Restate the records that follow word for word. Omit the images.
EXERCISE INPUTS: Begin
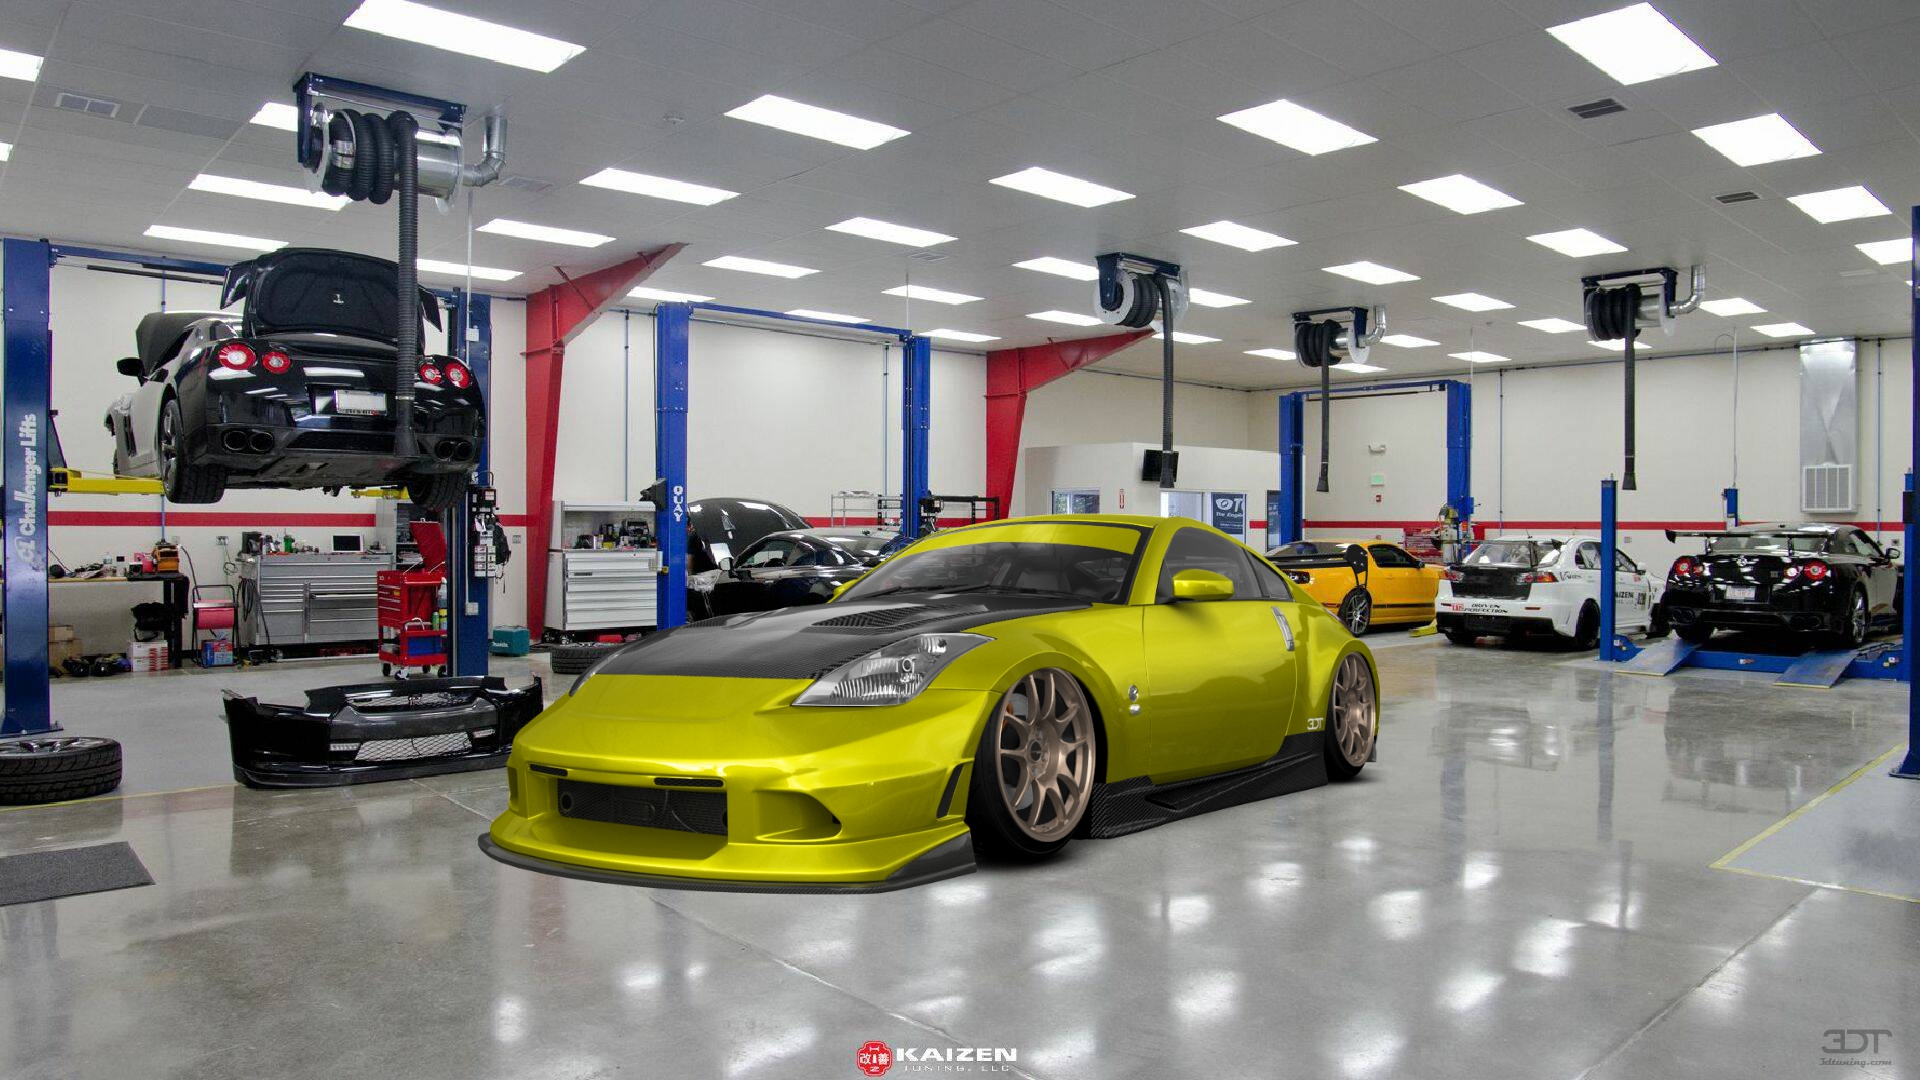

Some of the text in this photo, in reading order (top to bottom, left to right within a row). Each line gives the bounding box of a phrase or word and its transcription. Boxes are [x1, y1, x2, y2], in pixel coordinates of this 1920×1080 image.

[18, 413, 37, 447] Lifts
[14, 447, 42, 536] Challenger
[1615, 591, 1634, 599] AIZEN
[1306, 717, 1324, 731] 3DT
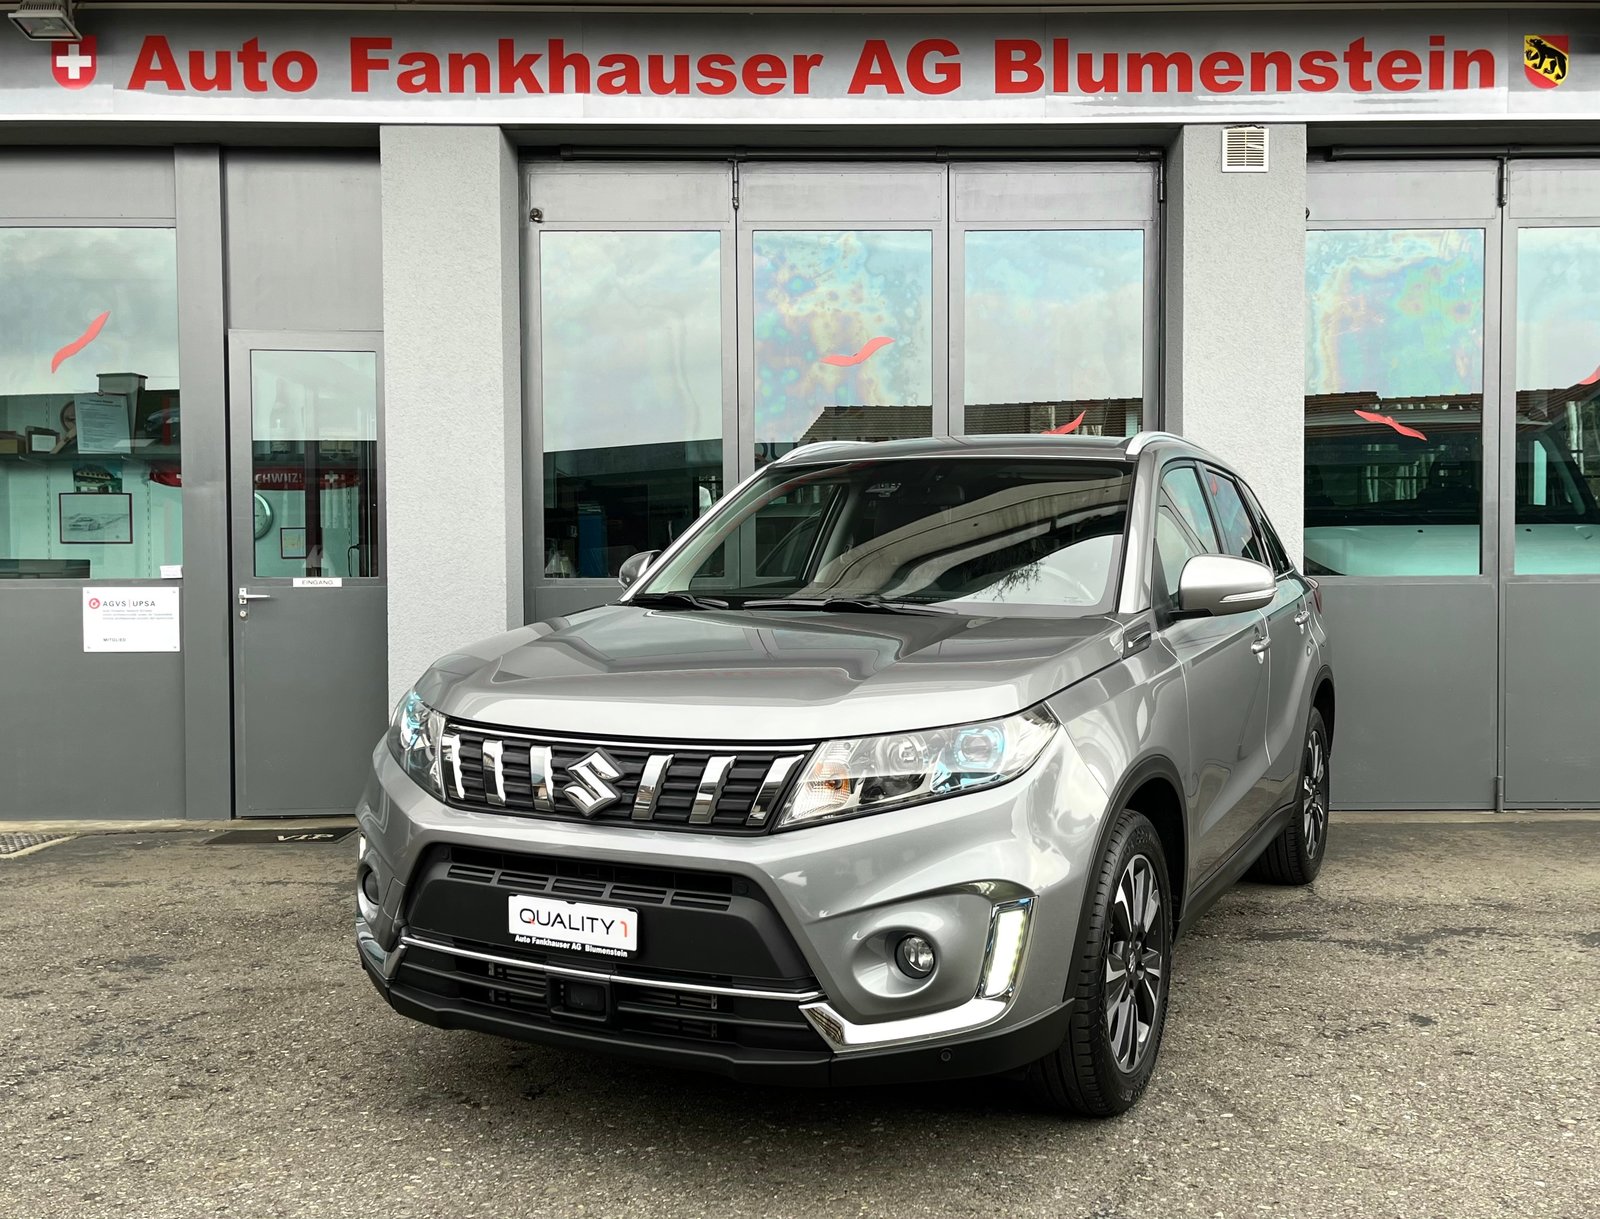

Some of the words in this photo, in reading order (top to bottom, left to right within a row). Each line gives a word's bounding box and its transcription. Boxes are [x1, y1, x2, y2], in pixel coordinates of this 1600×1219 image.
EXERCISE INPUTS: End
▶ **YOUR RESPONSE**:
Some of the text in this photo, in reading order (top to bottom, left to right within a row). Each line gives the bounding box of a phrase or word and its transcription. Boxes are [x1, y1, x2, y2], in pixel coordinates of this 1920×1080 image.

[18, 413, 37, 447] Lifts
[14, 447, 42, 536] Challenger
[1615, 591, 1634, 599] AIZEN
[1306, 717, 1324, 731] 3DT

Some of the words in this photo, in reading order (top to bottom, left to right within a row). Each line gives a word's bounding box and its transcription. Boxes are [x1, y1, x2, y2], in pixel coordinates of this 1600×1219 image.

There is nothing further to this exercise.